Dans une étude commandée par Matignon, le Conseil d’Etat recommande de lever l’interdiction générale de publicité qui pèse sur les infirmiers, médecins, kinésithérapeutes, sages-femmes et dentistes.
Les infirmiers, médecins, kinésithérapeutes, sages-femmes et dentistes pourront-ils demain vanter leur expérience et détailler leurs pratiques professionnelles sur leur site Web ou dans des brochures papier ? Oui, si l’interdiction générale de publicité directe ou indirecte des professionnels de santé est supprimée du Code de la santé publique. C’est la recommandation que vient de formuler le Conseil d’Etat et elle a de fortes chances d’être suivie.

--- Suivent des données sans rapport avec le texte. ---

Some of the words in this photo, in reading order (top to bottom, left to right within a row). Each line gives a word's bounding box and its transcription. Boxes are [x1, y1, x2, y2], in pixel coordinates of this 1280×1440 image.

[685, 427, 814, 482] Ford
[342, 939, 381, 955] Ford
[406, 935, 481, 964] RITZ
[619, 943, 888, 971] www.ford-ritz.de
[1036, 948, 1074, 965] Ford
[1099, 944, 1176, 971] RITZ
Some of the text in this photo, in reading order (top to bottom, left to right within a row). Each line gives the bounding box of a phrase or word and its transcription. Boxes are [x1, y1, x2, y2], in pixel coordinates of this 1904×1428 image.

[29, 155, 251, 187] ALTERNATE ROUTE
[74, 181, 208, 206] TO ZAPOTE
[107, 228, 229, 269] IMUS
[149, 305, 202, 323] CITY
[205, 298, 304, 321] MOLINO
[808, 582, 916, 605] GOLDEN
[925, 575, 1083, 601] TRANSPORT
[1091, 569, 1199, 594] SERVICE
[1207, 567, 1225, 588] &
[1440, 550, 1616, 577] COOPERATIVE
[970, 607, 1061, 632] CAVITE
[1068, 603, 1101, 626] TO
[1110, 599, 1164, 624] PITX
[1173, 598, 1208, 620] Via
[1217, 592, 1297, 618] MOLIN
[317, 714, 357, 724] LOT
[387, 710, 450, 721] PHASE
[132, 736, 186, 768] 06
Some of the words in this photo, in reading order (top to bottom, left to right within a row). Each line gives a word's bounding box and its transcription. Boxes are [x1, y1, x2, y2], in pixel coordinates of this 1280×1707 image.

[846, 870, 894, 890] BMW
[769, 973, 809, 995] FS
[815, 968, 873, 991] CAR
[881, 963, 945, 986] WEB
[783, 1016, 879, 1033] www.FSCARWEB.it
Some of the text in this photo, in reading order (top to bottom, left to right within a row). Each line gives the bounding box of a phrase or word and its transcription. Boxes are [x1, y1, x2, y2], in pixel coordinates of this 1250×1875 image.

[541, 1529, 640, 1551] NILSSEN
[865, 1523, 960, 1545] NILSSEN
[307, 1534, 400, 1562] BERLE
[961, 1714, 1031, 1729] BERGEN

L’institution avait été saisie par Matignon en décembre. L’objectif était d’étudier comment se mettre en conformité avec la jurisprudence européenne récente. Dans une affaire de dentistes belges, la Cour de Luxembourg a en effet considéré que la prohibition absolue de la publicité n’était pas compatible avec la directive services électroniques.
« Un droit à donner des informations »
Le Conseil d’Etat aurait pu suggérer d’aménager le système français à la marge, mais il a choisi une voie plus audacieuse, explique son vice-président Bruno Lasserre : « Nous proposons un renversement de perspective, en levant l’interdiction générale, et en posant un droit à donner des informations ».
Les magistrats ont voulu aller plus loin pour répondre à de nouvelles exigences. D’abord, les patients veulent être mieux informés, car actuellement, il faut être initié pour bien s’orienter dans le système de soins. Ensuite, ils ont besoin d’un contrepoids aux informations erronées ou sectaires qui circulent sur le Web. Enfin, les professions réglementées souffrent de la concurrence d’acteurs non régulés qui ont, eux, le droit de communiquer – par exemple, les cliniques dentaires en Hongrie ou les ostéopathes en France.
Communiquer « avec tact et mesure »
Pour élaborer ses propositions, le Conseil d’Etat s’est inspiré du cas des vétérinaires, qui ont le droit de faire de la publicité depuis 2015. Le principe de libre communication au public a été adopté, sous réserve du respect des obligations déontologiques : l’information doit rester loyale, honnête, désintéressée et il demeure interdit au professionnel de faire figurer les avis de tierces personnes sur son propre site Web.
- Les garde-fous seront encore plus sévères si l’on soigne des êtres humains. Il est défendu à un médecin d’exercer sa profession « comme un commerce » : il devra donc garder « tact et mesure » en communiquant. Pas question d’affiches grand format dans la rue, de spots télé, de publicité comparative ou de placarder son annonce devant un cabinet concurrent. Même le référencement payant sur Internet devrait être proscrit, puisqu’il permet de se retrouver en tête de page dans les requêtes Google.
Diffuser les tarifs dès la prise de rendez-vous
Au-delà de la libre communication, le Conseil d’Etat propose de rendre obligatoire la diffusion des tarifs dès la prise du premier rendez-vous, par téléphone ou en ligne. Ces informations économiques sont affichées dans les salles d’attente, mais les patients tombent dessus trop tard. Quant aux professionnels libéraux venus d’autres pays européens, ils seraient contraints de communiquer aux patients la liste des actes qu’ils ont été habilités à effectuer.